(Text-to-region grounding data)

++++

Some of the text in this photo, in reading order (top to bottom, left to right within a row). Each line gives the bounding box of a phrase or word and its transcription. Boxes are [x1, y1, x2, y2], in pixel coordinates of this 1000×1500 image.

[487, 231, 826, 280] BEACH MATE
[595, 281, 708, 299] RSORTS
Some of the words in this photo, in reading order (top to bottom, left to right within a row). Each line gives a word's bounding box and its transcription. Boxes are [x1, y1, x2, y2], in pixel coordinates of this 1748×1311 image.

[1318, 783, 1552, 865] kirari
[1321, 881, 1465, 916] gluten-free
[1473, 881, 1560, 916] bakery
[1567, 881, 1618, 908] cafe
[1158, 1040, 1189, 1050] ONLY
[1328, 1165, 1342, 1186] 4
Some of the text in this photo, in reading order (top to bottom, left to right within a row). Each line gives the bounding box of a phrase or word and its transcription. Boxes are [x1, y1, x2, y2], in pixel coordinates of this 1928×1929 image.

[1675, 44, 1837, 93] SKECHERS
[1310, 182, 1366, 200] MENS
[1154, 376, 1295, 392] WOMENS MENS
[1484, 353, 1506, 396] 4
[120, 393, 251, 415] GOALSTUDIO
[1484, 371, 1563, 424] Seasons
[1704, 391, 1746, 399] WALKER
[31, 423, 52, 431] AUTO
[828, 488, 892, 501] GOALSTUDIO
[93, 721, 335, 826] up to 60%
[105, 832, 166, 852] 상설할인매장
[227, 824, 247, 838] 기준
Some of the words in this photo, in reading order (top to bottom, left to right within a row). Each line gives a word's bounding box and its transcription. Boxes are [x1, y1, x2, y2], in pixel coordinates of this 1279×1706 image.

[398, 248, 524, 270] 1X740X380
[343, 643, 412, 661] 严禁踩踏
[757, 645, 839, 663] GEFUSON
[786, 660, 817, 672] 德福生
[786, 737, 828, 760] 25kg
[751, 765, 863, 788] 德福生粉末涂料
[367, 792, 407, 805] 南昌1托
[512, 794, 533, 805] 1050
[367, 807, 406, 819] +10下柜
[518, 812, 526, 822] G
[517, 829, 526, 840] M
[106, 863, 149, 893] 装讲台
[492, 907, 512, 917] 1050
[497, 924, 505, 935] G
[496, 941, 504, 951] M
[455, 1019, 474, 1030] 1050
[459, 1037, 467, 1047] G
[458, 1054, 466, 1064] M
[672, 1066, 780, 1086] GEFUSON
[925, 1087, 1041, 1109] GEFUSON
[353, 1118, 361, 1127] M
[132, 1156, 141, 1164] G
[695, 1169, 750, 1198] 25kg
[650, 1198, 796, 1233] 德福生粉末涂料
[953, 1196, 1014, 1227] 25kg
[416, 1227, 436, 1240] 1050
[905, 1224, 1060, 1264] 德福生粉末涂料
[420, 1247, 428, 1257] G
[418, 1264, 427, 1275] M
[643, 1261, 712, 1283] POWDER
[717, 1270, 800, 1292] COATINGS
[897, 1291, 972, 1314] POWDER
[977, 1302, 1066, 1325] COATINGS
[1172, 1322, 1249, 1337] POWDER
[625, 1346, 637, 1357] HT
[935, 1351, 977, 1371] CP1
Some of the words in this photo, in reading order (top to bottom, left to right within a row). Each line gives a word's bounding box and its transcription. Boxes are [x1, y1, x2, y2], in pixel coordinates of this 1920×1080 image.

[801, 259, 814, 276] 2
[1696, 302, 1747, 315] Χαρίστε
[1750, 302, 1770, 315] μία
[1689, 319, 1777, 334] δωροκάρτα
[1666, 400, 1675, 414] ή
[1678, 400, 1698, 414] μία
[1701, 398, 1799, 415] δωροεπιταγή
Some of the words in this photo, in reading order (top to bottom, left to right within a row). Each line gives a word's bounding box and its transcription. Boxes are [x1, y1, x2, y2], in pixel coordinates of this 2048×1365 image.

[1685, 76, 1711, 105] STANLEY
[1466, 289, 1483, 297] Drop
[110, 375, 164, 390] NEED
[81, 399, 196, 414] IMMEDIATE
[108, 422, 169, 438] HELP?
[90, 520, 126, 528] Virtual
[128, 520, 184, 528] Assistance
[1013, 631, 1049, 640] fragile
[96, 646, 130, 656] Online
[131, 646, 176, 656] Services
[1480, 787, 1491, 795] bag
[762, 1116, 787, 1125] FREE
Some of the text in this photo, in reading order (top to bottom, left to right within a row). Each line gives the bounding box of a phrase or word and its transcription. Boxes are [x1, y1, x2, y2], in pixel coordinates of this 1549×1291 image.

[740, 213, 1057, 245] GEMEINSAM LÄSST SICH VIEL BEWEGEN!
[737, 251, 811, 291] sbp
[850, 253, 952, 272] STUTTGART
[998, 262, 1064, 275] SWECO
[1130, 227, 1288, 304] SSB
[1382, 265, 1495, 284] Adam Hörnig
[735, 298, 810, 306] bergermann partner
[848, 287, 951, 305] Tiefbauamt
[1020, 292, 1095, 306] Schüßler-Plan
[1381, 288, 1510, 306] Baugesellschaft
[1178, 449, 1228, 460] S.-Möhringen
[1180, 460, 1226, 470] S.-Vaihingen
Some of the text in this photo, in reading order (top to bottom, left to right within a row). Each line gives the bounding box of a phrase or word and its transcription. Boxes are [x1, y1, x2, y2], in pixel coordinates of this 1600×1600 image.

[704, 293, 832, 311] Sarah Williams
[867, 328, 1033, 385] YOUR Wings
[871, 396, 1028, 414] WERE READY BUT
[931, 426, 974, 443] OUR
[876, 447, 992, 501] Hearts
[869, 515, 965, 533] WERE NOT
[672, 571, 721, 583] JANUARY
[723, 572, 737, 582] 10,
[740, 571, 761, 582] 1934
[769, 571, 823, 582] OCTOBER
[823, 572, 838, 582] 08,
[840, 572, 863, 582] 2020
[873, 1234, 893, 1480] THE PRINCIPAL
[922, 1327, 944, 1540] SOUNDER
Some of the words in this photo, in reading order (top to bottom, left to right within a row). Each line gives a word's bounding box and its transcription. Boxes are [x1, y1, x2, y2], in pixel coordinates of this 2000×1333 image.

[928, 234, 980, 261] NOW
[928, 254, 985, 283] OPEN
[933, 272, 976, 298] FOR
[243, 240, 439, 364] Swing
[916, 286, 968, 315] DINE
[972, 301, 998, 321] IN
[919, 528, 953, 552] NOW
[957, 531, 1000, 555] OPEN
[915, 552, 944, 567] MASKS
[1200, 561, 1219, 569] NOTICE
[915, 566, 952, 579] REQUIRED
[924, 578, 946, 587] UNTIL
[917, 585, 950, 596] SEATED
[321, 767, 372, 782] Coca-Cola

++++

▸ What you will do: Set down every record above, word for word.

▸ Answer to the problem:
Some of the text in this photo, in reading order (top to bottom, left to right within a row). Each line gives the bounding box of a phrase or word and its transcription. Boxes are [x1, y1, x2, y2], in pixel coordinates of this 1000×1500 image.

[487, 231, 826, 280] BEACH MATE
[595, 281, 708, 299] RSORTS
Some of the words in this photo, in reading order (top to bottom, left to right within a row). Each line gives a word's bounding box and its transcription. Boxes are [x1, y1, x2, y2], in pixel coordinates of this 1748×1311 image.

[1318, 783, 1552, 865] kirari
[1321, 881, 1465, 916] gluten-free
[1473, 881, 1560, 916] bakery
[1567, 881, 1618, 908] cafe
[1158, 1040, 1189, 1050] ONLY
[1328, 1165, 1342, 1186] 4
Some of the text in this photo, in reading order (top to bottom, left to right within a row). Each line gives the bounding box of a phrase or word and its transcription. Boxes are [x1, y1, x2, y2], in pixel coordinates of this 1928×1929 image.

[1675, 44, 1837, 93] SKECHERS
[1310, 182, 1366, 200] MENS
[1154, 376, 1295, 392] WOMENS MENS
[1484, 353, 1506, 396] 4
[120, 393, 251, 415] GOALSTUDIO
[1484, 371, 1563, 424] Seasons
[1704, 391, 1746, 399] WALKER
[31, 423, 52, 431] AUTO
[828, 488, 892, 501] GOALSTUDIO
[93, 721, 335, 826] up to 60%
[105, 832, 166, 852] 상설할인매장
[227, 824, 247, 838] 기준
Some of the words in this photo, in reading order (top to bottom, left to right within a row). Each line gives a word's bounding box and its transcription. Boxes are [x1, y1, x2, y2], in pixel coordinates of this 1279×1706 image.

[398, 248, 524, 270] 1X740X380
[343, 643, 412, 661] 严禁踩踏
[757, 645, 839, 663] GEFUSON
[786, 660, 817, 672] 德福生
[786, 737, 828, 760] 25kg
[751, 765, 863, 788] 德福生粉末涂料
[367, 792, 407, 805] 南昌1托
[512, 794, 533, 805] 1050
[367, 807, 406, 819] +10下柜
[518, 812, 526, 822] G
[517, 829, 526, 840] M
[106, 863, 149, 893] 装讲台
[492, 907, 512, 917] 1050
[497, 924, 505, 935] G
[496, 941, 504, 951] M
[455, 1019, 474, 1030] 1050
[459, 1037, 467, 1047] G
[458, 1054, 466, 1064] M
[672, 1066, 780, 1086] GEFUSON
[925, 1087, 1041, 1109] GEFUSON
[353, 1118, 361, 1127] M
[132, 1156, 141, 1164] G
[695, 1169, 750, 1198] 25kg
[650, 1198, 796, 1233] 德福生粉末涂料
[953, 1196, 1014, 1227] 25kg
[416, 1227, 436, 1240] 1050
[905, 1224, 1060, 1264] 德福生粉末涂料
[420, 1247, 428, 1257] G
[418, 1264, 427, 1275] M
[643, 1261, 712, 1283] POWDER
[717, 1270, 800, 1292] COATINGS
[897, 1291, 972, 1314] POWDER
[977, 1302, 1066, 1325] COATINGS
[1172, 1322, 1249, 1337] POWDER
[625, 1346, 637, 1357] HT
[935, 1351, 977, 1371] CP1
Some of the words in this photo, in reading order (top to bottom, left to right within a row). Each line gives a word's bounding box and its transcription. Boxes are [x1, y1, x2, y2], in pixel coordinates of this 1920×1080 image.

[801, 259, 814, 276] 2
[1696, 302, 1747, 315] Χαρίστε
[1750, 302, 1770, 315] μία
[1689, 319, 1777, 334] δωροκάρτα
[1666, 400, 1675, 414] ή
[1678, 400, 1698, 414] μία
[1701, 398, 1799, 415] δωροεπιταγή
Some of the words in this photo, in reading order (top to bottom, left to right within a row). Each line gives a word's bounding box and its transcription. Boxes are [x1, y1, x2, y2], in pixel coordinates of this 2048×1365 image.

[1685, 76, 1711, 105] STANLEY
[1466, 289, 1483, 297] Drop
[110, 375, 164, 390] NEED
[81, 399, 196, 414] IMMEDIATE
[108, 422, 169, 438] HELP?
[90, 520, 126, 528] Virtual
[128, 520, 184, 528] Assistance
[1013, 631, 1049, 640] fragile
[96, 646, 130, 656] Online
[131, 646, 176, 656] Services
[1480, 787, 1491, 795] bag
[762, 1116, 787, 1125] FREE
Some of the text in this photo, in reading order (top to bottom, left to right within a row). Each line gives the bounding box of a phrase or word and its transcription. Boxes are [x1, y1, x2, y2], in pixel coordinates of this 1549×1291 image.

[740, 213, 1057, 245] GEMEINSAM LÄSST SICH VIEL BEWEGEN!
[737, 251, 811, 291] sbp
[850, 253, 952, 272] STUTTGART
[998, 262, 1064, 275] SWECO
[1130, 227, 1288, 304] SSB
[1382, 265, 1495, 284] Adam Hörnig
[735, 298, 810, 306] bergermann partner
[848, 287, 951, 305] Tiefbauamt
[1020, 292, 1095, 306] Schüßler-Plan
[1381, 288, 1510, 306] Baugesellschaft
[1178, 449, 1228, 460] S.-Möhringen
[1180, 460, 1226, 470] S.-Vaihingen
Some of the text in this photo, in reading order (top to bottom, left to right within a row). Each line gives the bounding box of a phrase or word and its transcription. Boxes are [x1, y1, x2, y2], in pixel coordinates of this 1600×1600 image.

[704, 293, 832, 311] Sarah Williams
[867, 328, 1033, 385] YOUR Wings
[871, 396, 1028, 414] WERE READY BUT
[931, 426, 974, 443] OUR
[876, 447, 992, 501] Hearts
[869, 515, 965, 533] WERE NOT
[672, 571, 721, 583] JANUARY
[723, 572, 737, 582] 10,
[740, 571, 761, 582] 1934
[769, 571, 823, 582] OCTOBER
[823, 572, 838, 582] 08,
[840, 572, 863, 582] 2020
[873, 1234, 893, 1480] THE PRINCIPAL
[922, 1327, 944, 1540] SOUNDER
Some of the words in this photo, in reading order (top to bottom, left to right within a row). Each line gives a word's bounding box and its transcription. Boxes are [x1, y1, x2, y2], in pixel coordinates of this 2000×1333 image.

[928, 234, 980, 261] NOW
[928, 254, 985, 283] OPEN
[933, 272, 976, 298] FOR
[243, 240, 439, 364] Swing
[916, 286, 968, 315] DINE
[972, 301, 998, 321] IN
[919, 528, 953, 552] NOW
[957, 531, 1000, 555] OPEN
[915, 552, 944, 567] MASKS
[1200, 561, 1219, 569] NOTICE
[915, 566, 952, 579] REQUIRED
[924, 578, 946, 587] UNTIL
[917, 585, 950, 596] SEATED
[321, 767, 372, 782] Coca-Cola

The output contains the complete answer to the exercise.